For nearly a decade, California has appropriated $9.215 million every year to fund CalGRIP, a grant program to cities that provide a dollar-for-dollar match to implement evidence-based programs to reduce youth and group-related crime and violence. The state sets aside one million dollars annually for the City of Los Angeles, with the remainder distributed to other cities of all sizes through a competitive application process administered by the Board of State and Community Corrections (BSCC). The state also requires that grantees distribute at least 20% of CalGRIP funds toward community-based organizations. According to BSCC records, in recent years cities have chosen to direct a majority of CalGRIP funding to community-based organizations. CalGRIP is currently administered on a three-year grant cycle that will end at the close of this year. 

Through local funding matches, CalGRIP will have leveraged over $55 million dollars in investments in 19 cities across the state from 2015-2017, providing important support for these cities’ innovative initiatives to provide expanded opportunities and safer streets to their most vulnerable residents. 

In recent years, CalGRIP grantee cities across California have implemented programs that provide focused outreach, counseling, and other services to youth identified as at-risk, and by developing coordinated agency responses to group-related retaliatory violence.  Many of these strategies have been directly supported by CalGRIP funding. For example: 

  • CalGRIP has provided Los Angeles $3 million over the past 3 years to help fund its Gang Reduction and Youth Development (GRYD) program. Los Angeles has seen a 38% reduction in homicides and 46% reduction in aggravated assaults since launching GRYD in 2007. 
  • Over the past three years, CalGRIP has provided the City of Richmond $1.5 million to help fund the Office of Neighborhood Safety—a city agency dedicated exclusively to the prevention of violence. Richmond has seen a 53% drop in gun homicides and a 45% drop in non-fatal shootings since ONS launched the Operation Peacemaker Fellowship program in 2010.  

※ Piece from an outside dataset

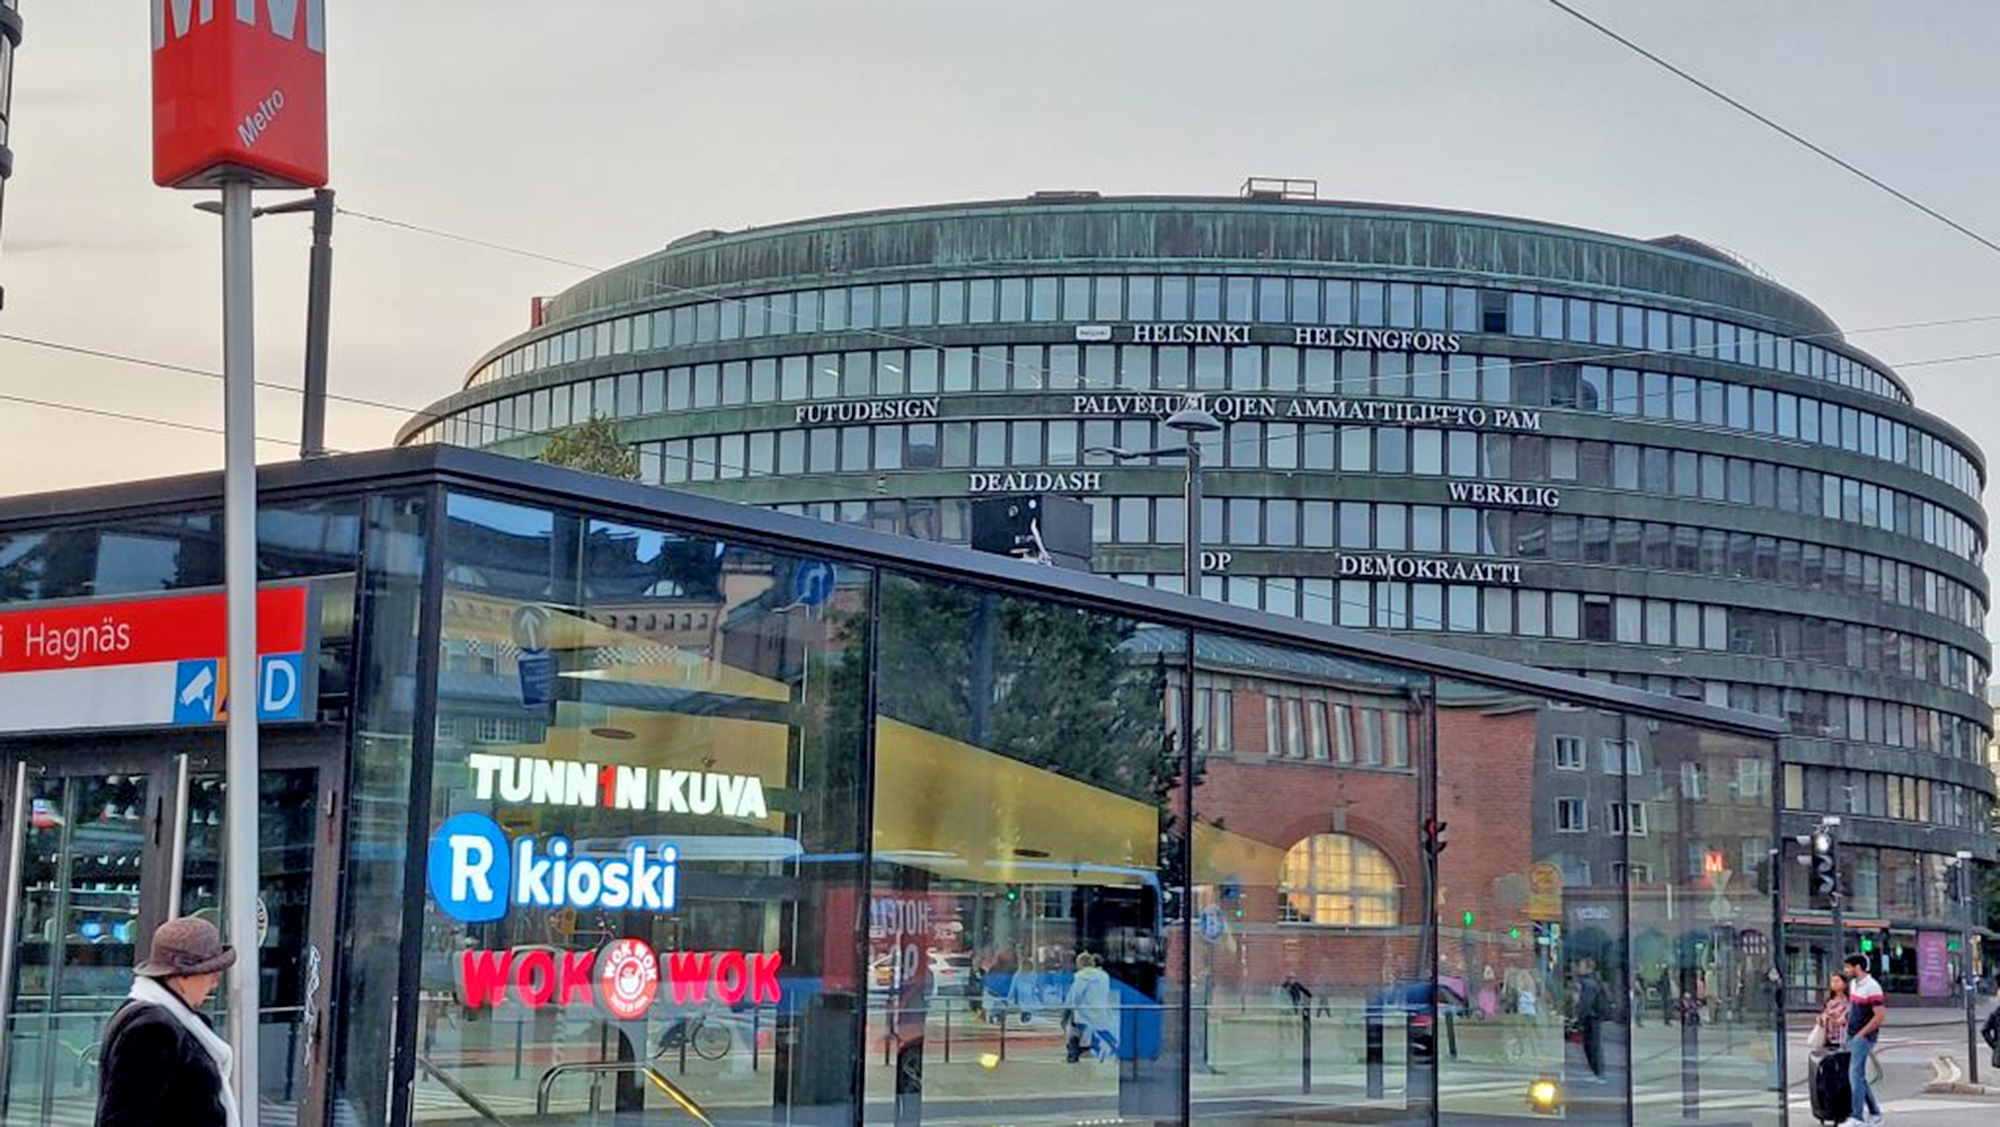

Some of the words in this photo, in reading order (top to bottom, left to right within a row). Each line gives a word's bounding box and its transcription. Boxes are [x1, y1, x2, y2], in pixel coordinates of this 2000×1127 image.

CalGRIP has also funded after-school youth programming, Big Brothers/Big Sisters, tattoo removal programs, violent conflict mediations, case management programs, and other services that have historically been scarce in communities hit hardest by violence. Tens of thousands of Californians have received direct services funded by CalGRIP, including at least 6,700 who participated in educational or employment-related programs from January 2015 to September 2016.  Unfortunately, these programs’ progress and future are in jeopardy because the Governor’s Proposed Budget seeks to entirely eliminate funding for CalGRIP.